What needs to be done
Once the pictures are removed, output the remaining entries exactly as given.

+++ Records to process +++

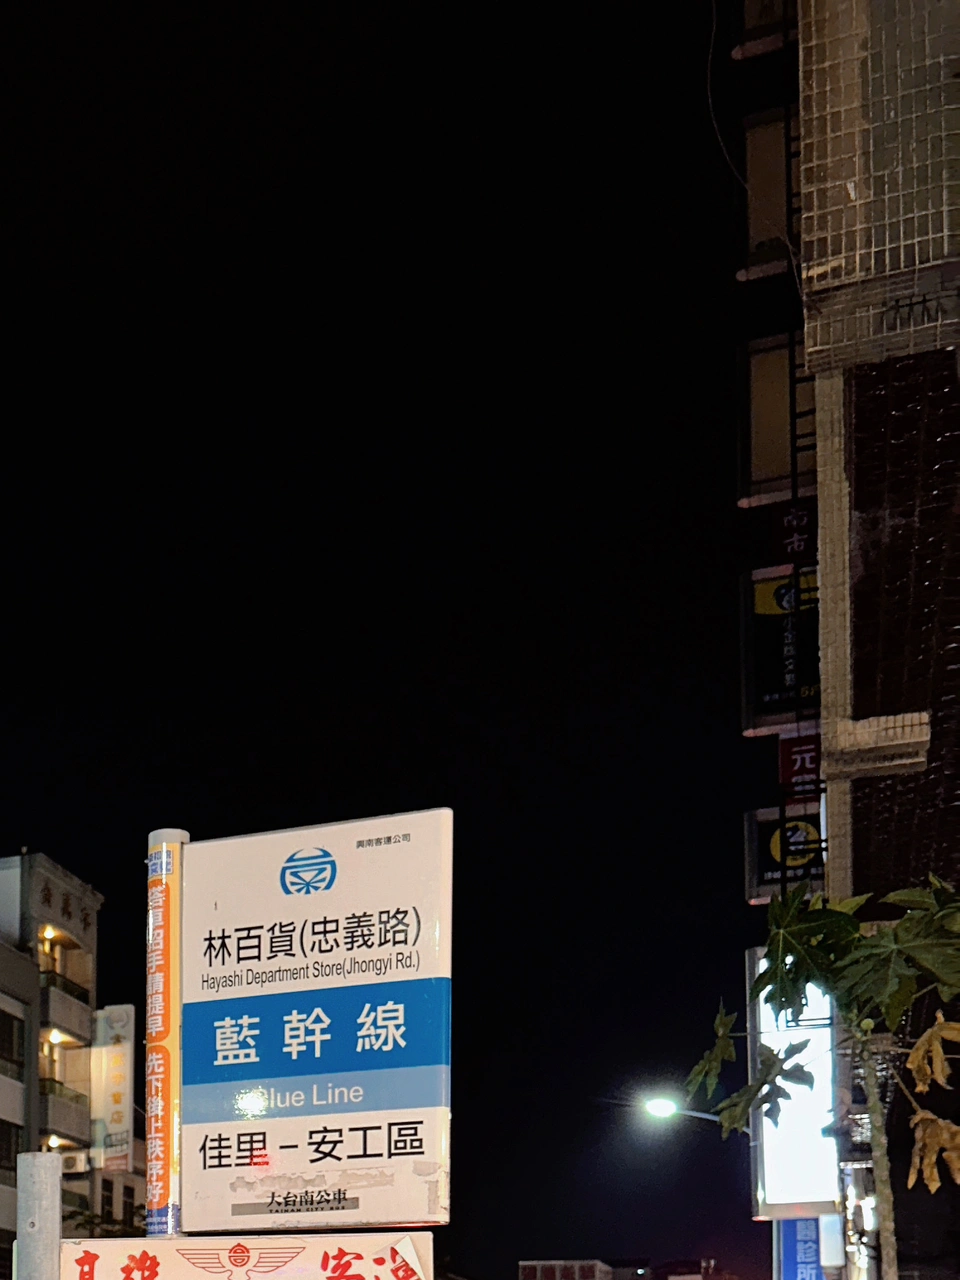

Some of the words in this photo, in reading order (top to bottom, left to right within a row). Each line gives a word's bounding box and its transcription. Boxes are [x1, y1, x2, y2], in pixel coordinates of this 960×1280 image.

[356, 833, 411, 849] 興南客運公司
[202, 905, 422, 967] 林百貨(忠義路)
[201, 970, 243, 992] Hayashi
[245, 963, 310, 989] Department
[312, 955, 393, 981] Store(Jhongyi
[395, 950, 421, 972] Rd.)
[213, 1000, 408, 1066] 藍幹線
[312, 1083, 364, 1106] Line
[267, 1188, 348, 1208] 大台南公車

+++

Response to the task
Some of the words in this photo, in reading order (top to bottom, left to right within a row). Each line gives a word's bounding box and its transcription. Boxes are [x1, y1, x2, y2], in pixel coordinates of this 960×1280 image.

[356, 833, 411, 849] 興南客運公司
[202, 905, 422, 967] 林百貨(忠義路)
[201, 970, 243, 992] Hayashi
[245, 963, 310, 989] Department
[312, 955, 393, 981] Store(Jhongyi
[395, 950, 421, 972] Rd.)
[213, 1000, 408, 1066] 藍幹線
[312, 1083, 364, 1106] Line
[267, 1188, 348, 1208] 大台南公車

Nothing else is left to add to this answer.